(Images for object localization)
-- -- --

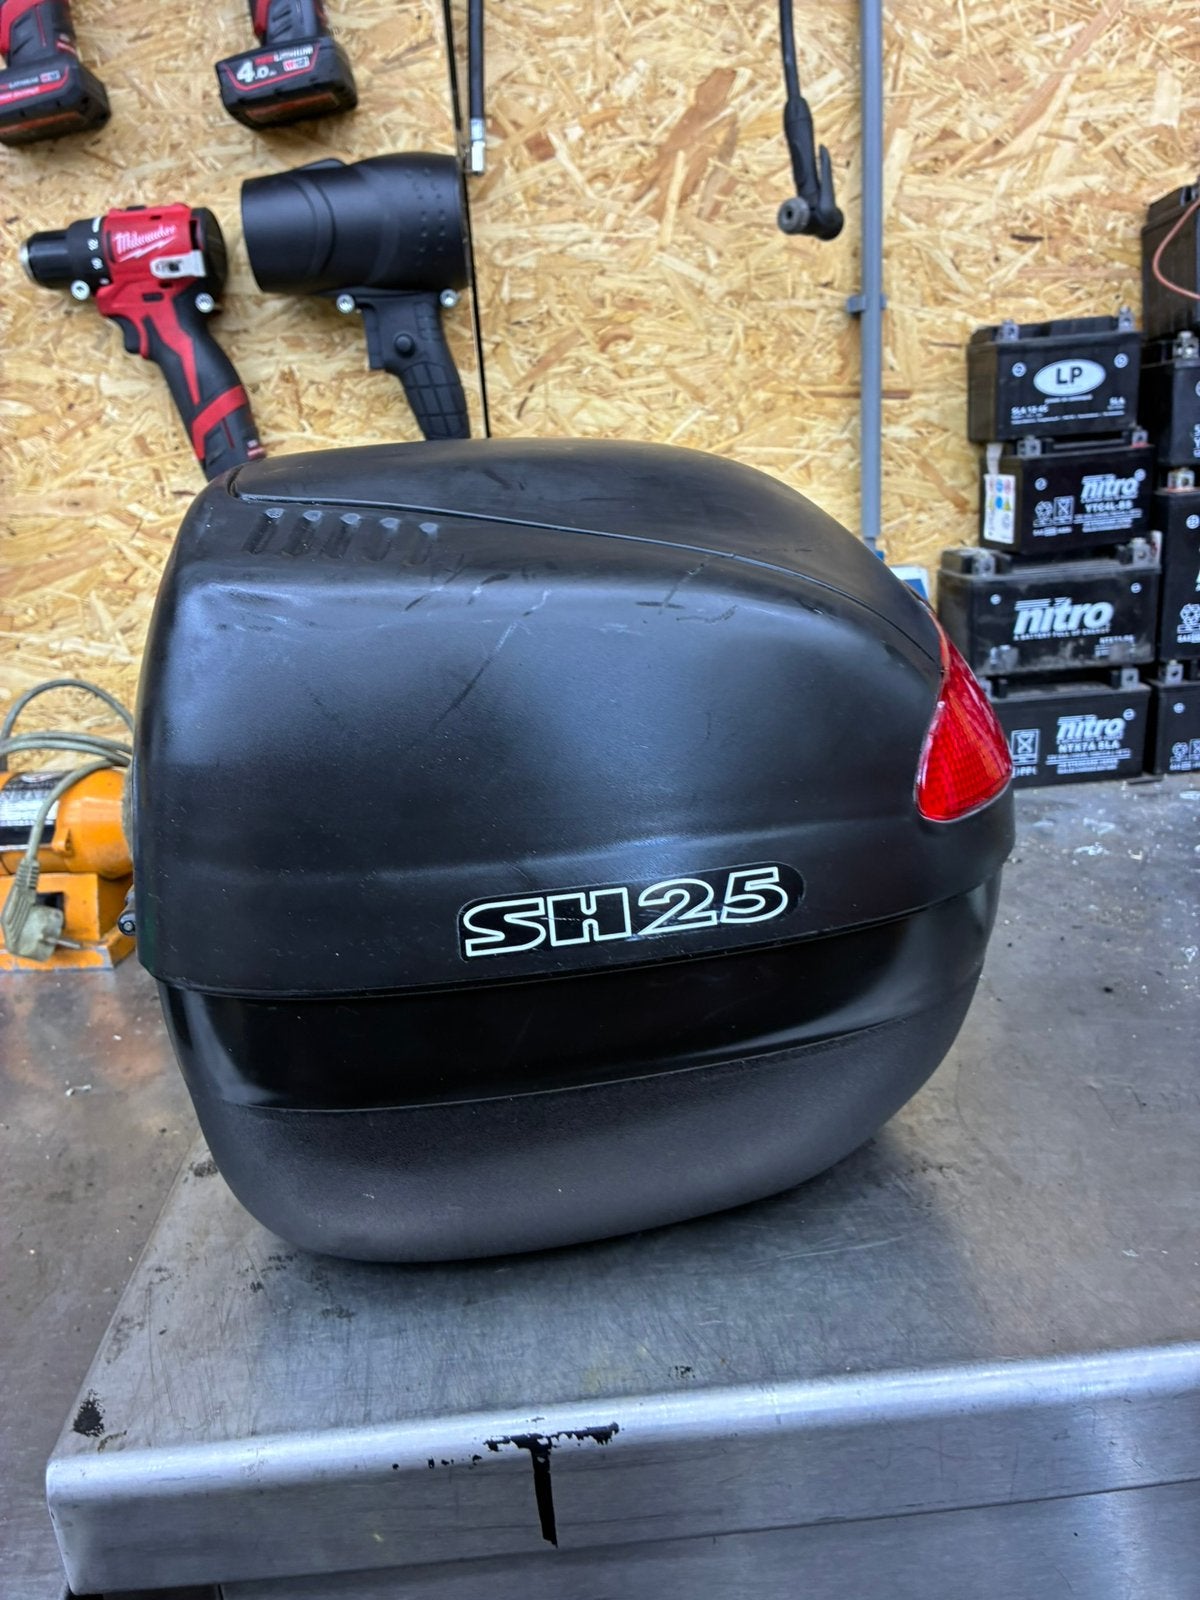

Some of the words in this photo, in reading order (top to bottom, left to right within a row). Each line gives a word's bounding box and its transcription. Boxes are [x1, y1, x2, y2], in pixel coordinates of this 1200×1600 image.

[114, 225, 177, 255] Milwaukee
[1056, 367, 1082, 385] LP
[1082, 474, 1139, 500] nitro
[1014, 597, 1114, 635] nitro
[1057, 715, 1125, 739] nitro
[463, 866, 789, 957] SH25

-- -- --

> **Work order**
Reproduce each entry precisely, dropping only the pictures.

> **Result of this exercise**
Some of the words in this photo, in reading order (top to bottom, left to right within a row). Each line gives a word's bounding box and its transcription. Boxes are [x1, y1, x2, y2], in pixel coordinates of this 1200×1600 image.

[114, 225, 177, 255] Milwaukee
[1056, 367, 1082, 385] LP
[1082, 474, 1139, 500] nitro
[1014, 597, 1114, 635] nitro
[1057, 715, 1125, 739] nitro
[463, 866, 789, 957] SH25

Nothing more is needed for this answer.